Everything in the records except the pictures should come back exactly as written.

________________________________________

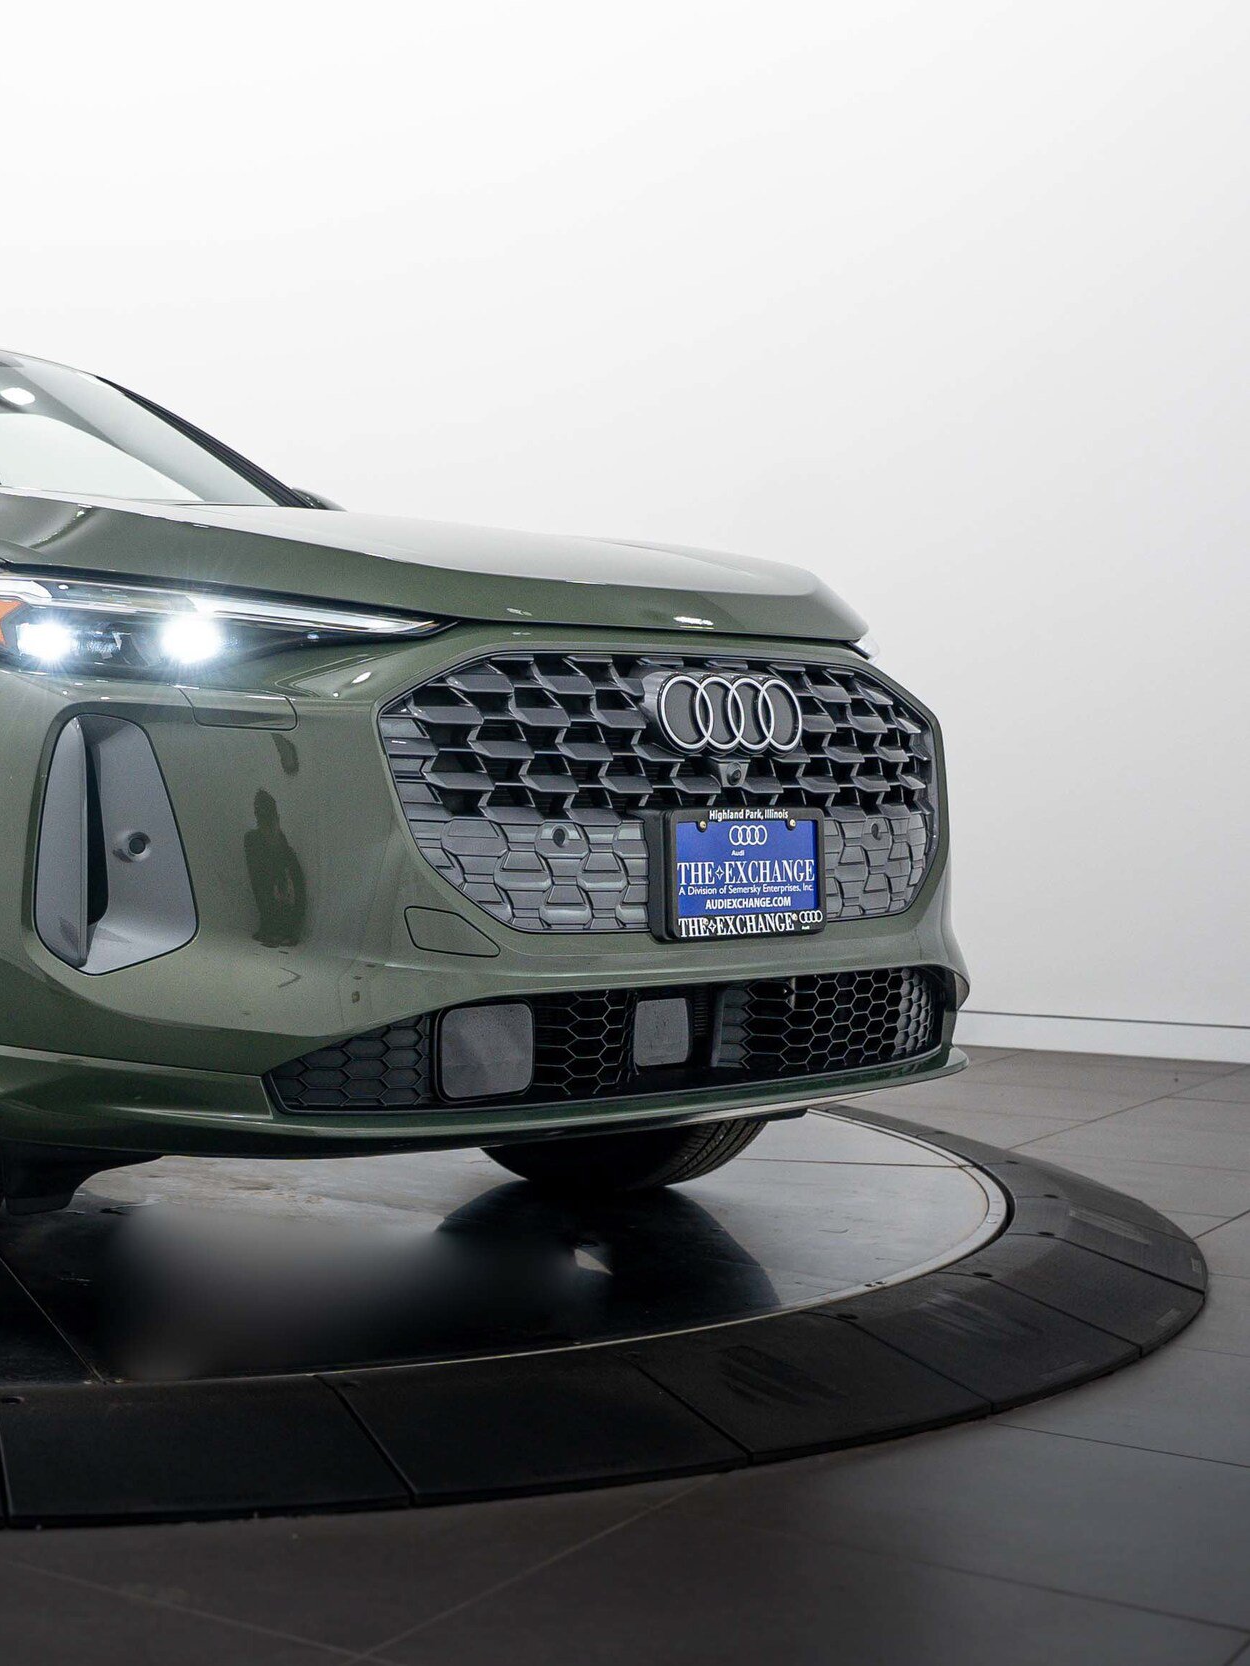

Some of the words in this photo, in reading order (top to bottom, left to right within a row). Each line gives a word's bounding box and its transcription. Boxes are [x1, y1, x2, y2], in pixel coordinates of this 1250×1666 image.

[709, 809, 744, 822] Highland
[745, 809, 764, 820] Park,
[764, 808, 789, 819] Illinois
[677, 861, 715, 885] THE
[723, 859, 815, 884] EXCHANGE
[678, 886, 686, 896] A
[687, 886, 717, 896] Division
[718, 885, 727, 894] of
[728, 884, 762, 896] Semersky
[802, 882, 814, 891] Inc.
[705, 896, 792, 910] AUDIEXCHANGE.COM
[678, 917, 710, 938] THE
[715, 911, 795, 936] EXCHANGE

________________________________________

Response box
Some of the words in this photo, in reading order (top to bottom, left to right within a row). Each line gives a word's bounding box and its transcription. Boxes are [x1, y1, x2, y2], in pixel coordinates of this 1250×1666 image.

[709, 809, 744, 822] Highland
[745, 809, 764, 820] Park,
[764, 808, 789, 819] Illinois
[677, 861, 715, 885] THE
[723, 859, 815, 884] EXCHANGE
[678, 886, 686, 896] A
[687, 886, 717, 896] Division
[718, 885, 727, 894] of
[728, 884, 762, 896] Semersky
[802, 882, 814, 891] Inc.
[705, 896, 792, 910] AUDIEXCHANGE.COM
[678, 917, 710, 938] THE
[715, 911, 795, 936] EXCHANGE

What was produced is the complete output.